Room: Track 2
Purpose: we showed that CT delta-radiomic features (DRF) could predict treatment response in mid-treatment during preoperative chemoradiation therapy (CRT) of pancreatic cancer. This study aims to investigate possibility of earlier prediction by normalizing DRF (NDRF) with respect to those from healthy pancreas.

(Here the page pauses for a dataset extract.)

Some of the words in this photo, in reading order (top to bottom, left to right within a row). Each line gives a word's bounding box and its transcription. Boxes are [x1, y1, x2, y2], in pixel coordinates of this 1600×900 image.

Methods: analyses were performed with dataset consisting of 1) non-contrast CTs acquired in 28 fractions during routine CT-guided preoperative CRT of 40 patients with pancreatic tumors along with their pathological response data, and 2) daily non-contrast CTs acquired during radiotherapy of 20 patients with other abdominal tumors but with healthy pancreas. DRFs were extracted from pancreatic heads and T-test and coefficient of variance (COV) were used to assess the differences in DRFs between normal-(NP) and diseased-(DP) pancreas. NDRFs for DRFs with significant t-test p-value and COV>5% were calculated. T-test and linear-mixed-effect model were used to assess NDRF correlation to response. Bayesian classifier with leave-one-out cross-validation was used to identify NDRFs with improved response predictions. Performance was judged using the AUC of the ROC curve.

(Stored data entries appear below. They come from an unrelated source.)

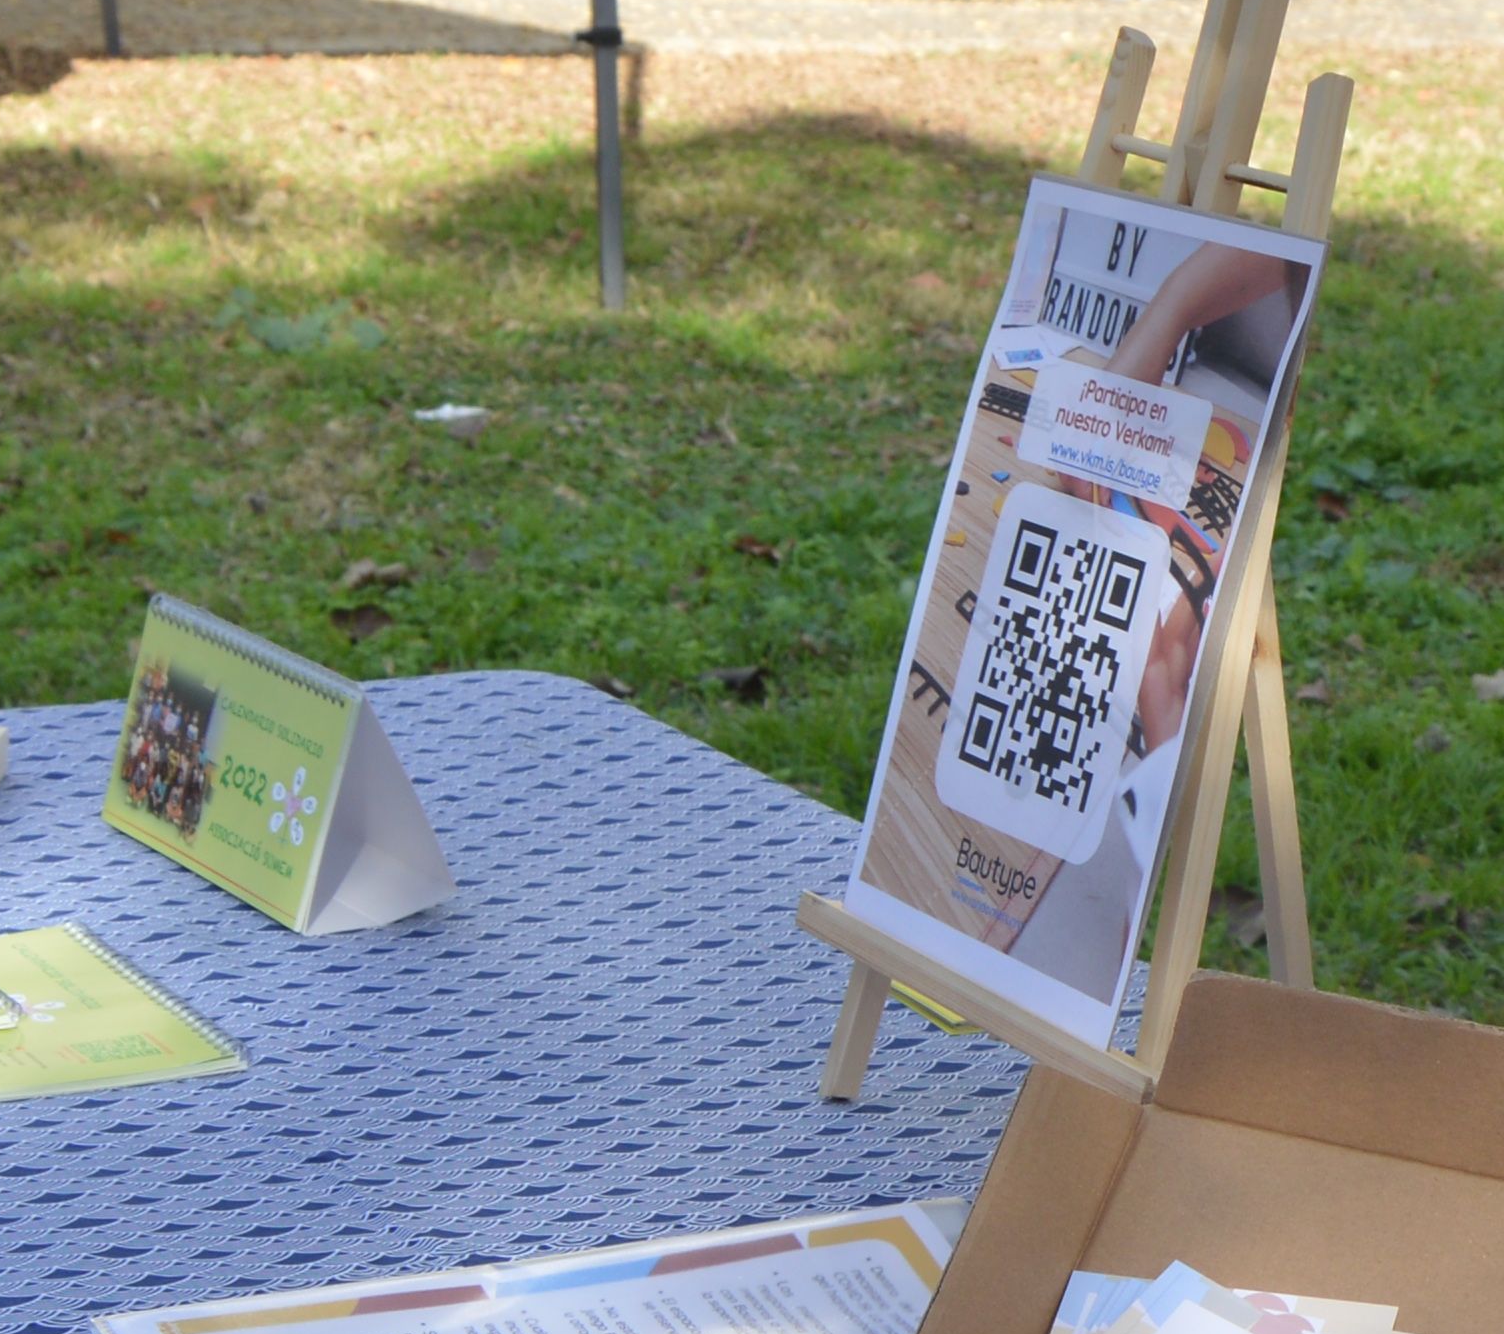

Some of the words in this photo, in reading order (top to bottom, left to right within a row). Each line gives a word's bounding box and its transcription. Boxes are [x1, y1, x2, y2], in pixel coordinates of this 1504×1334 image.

[1107, 222, 1147, 278] BY
[1079, 380, 1147, 416] ¡Participa
[1149, 402, 1168, 423] en
[1055, 405, 1112, 437] nuestro
[1116, 422, 1175, 457] Verkami!
[1049, 440, 1161, 488] www.vkm.is/bautype
[221, 696, 274, 734] CALENDARIO
[277, 725, 325, 760] SOLIDARIO
[220, 754, 269, 806] 2022
[956, 838, 1036, 899] Bautype
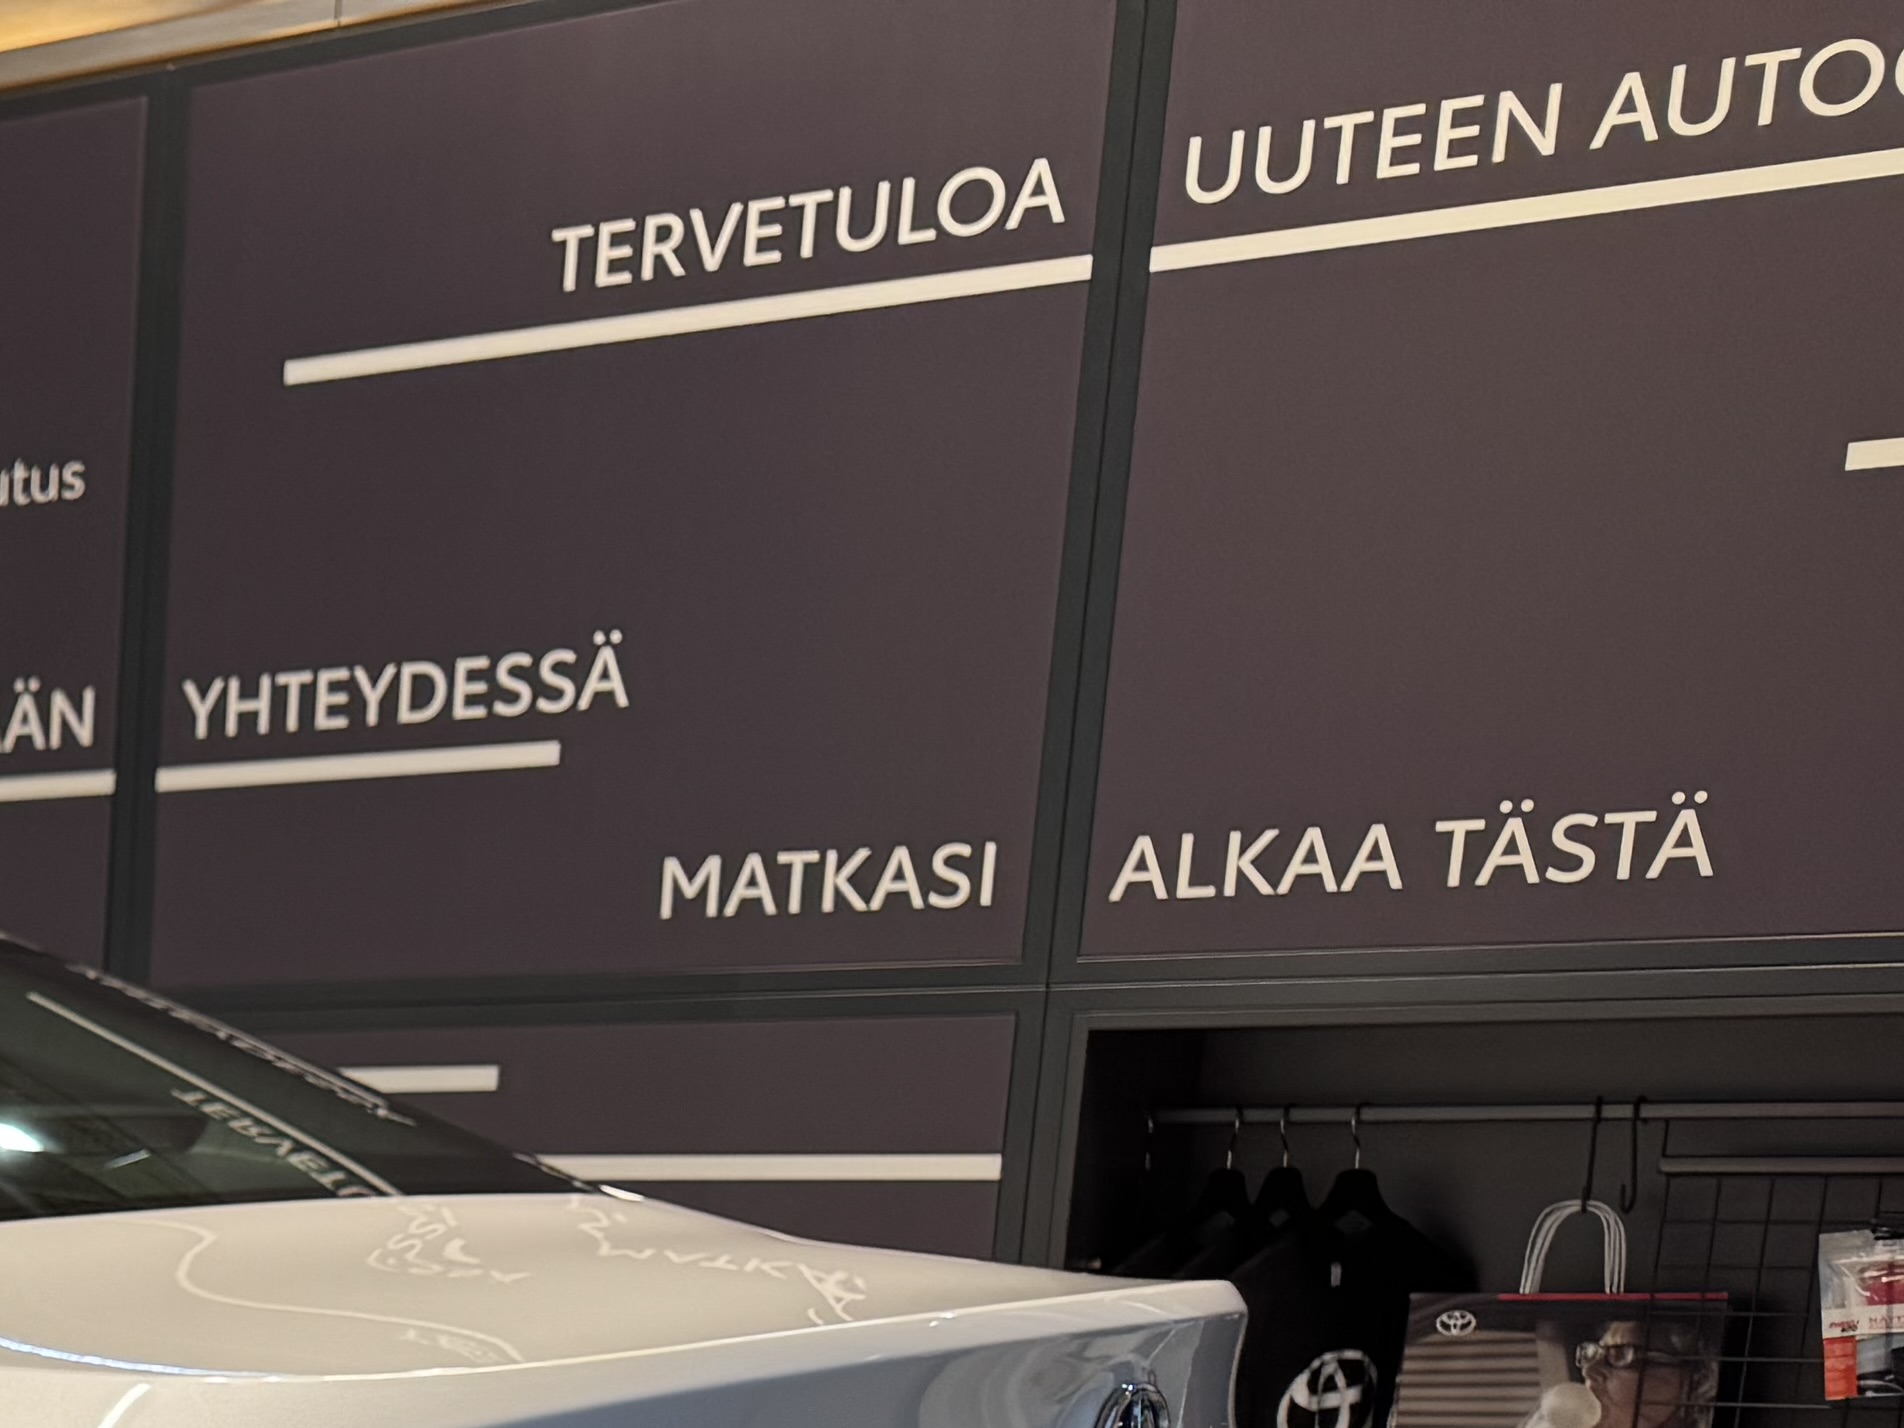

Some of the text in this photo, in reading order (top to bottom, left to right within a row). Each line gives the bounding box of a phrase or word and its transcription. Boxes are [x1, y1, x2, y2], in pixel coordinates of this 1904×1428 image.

Results: expected, DRFs of NP had much narrow variations compared to DRFs for DP. A total of 23 DRFs were found to be significantly different between their NP and DP values, of which 48% had COV> 5% and were selected to calculate NDRFs. Eight NDRFs passed t-test and linear mixed effect (p<0.05) and showed significant changes as early as at fractions 5-21 during CRT between good and bad response groups. This is an improvement from the fractions 14-18 when using the DRFs. Bayesian classifier AUC increased from 0.93 with using 3 DRFs (kurtosis, contrast, coarseness) combination to 0.97 for using the corresponding NDRFs.
Conclusion: delta radiomics to the corresponding healthy structure can reduce variability and improve performance of DRF. NDRFs can predict treatment response two weeks earlier than DRFs during CRT for pancreatic cancer.